Una fuerte movilización de helicópteros, vehículos blindados y elementos de las Fuerzas Armadas en el municipio de Navolato, Sinaloa, causó alarma entre los habitantes, quienes pensaron que se trataba de un operativo de seguridad. Sin embargo, horas más tarde se confirmó que el despliegue correspondía a una producción audiovisual encabezada por el productor y periodista Epigmenio Ibarra, lo que desató una ola de críticas y cuestionamientos sobre el uso de recursos militares para fines de grabación.
Las imágenes y videos difundidos en redes sociales muestran aeronaves militares, unidades tácticas y personal del Ejército y la Marina participando en distintas escenas, mientras un equipo de producción realizaba tomas terrestres y aéreas. Hasta el momento, las autoridades federales no han informado oficialmente bajo qué convenio o autorización se brindó el apoyo a la filmación, situación que ha generado dudas sobre el empleo de recursos públicos en este tipo de proyectos.

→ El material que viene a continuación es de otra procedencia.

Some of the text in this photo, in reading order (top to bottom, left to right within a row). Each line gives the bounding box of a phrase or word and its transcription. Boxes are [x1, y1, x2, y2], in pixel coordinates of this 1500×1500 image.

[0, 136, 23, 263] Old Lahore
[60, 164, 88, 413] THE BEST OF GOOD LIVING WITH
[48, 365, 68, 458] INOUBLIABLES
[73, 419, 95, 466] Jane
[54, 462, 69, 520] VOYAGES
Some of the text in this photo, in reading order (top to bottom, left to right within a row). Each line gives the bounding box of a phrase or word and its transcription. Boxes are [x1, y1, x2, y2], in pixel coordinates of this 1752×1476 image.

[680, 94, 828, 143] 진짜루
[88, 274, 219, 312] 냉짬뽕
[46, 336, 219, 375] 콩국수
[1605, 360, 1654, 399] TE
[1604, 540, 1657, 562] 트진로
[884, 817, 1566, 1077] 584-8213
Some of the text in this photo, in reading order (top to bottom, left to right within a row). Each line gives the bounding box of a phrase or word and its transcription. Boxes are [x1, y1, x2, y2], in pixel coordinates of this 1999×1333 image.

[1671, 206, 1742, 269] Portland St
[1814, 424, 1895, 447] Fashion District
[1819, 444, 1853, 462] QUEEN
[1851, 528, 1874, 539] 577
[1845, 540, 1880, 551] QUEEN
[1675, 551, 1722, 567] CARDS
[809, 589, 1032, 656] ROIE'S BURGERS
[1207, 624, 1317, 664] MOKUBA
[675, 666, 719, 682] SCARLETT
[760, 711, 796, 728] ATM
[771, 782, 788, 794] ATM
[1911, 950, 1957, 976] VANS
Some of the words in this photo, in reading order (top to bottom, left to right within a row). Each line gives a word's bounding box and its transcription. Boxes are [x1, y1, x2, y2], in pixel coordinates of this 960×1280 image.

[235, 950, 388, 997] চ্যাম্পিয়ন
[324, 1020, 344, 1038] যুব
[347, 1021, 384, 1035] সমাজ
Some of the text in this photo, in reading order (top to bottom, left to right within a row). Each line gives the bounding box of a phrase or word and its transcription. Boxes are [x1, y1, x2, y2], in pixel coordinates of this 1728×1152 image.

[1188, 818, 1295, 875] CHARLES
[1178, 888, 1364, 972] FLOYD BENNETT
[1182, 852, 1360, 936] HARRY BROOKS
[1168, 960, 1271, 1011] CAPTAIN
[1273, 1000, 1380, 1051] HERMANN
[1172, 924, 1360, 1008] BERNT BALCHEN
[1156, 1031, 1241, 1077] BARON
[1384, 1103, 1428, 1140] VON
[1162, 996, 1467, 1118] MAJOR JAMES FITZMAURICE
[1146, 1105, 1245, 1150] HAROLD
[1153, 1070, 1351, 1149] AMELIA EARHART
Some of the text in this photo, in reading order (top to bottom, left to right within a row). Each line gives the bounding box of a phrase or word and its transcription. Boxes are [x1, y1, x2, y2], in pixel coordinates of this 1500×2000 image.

El caso provocó un intenso debate en redes sociales y entre actores políticos, donde algunos cuestionan la participación de las Fuerzas Armadas en una producción audiovisual, mientras otros sostienen que este tipo de colaboraciones pueden realizarse mediante permisos oficiales. Hasta ahora, ni la Secretaría de la Defensa Nacional ni Epigmenio Ibarra han ofrecido una explicación detallada sobre las condiciones en que se realizó la grabación.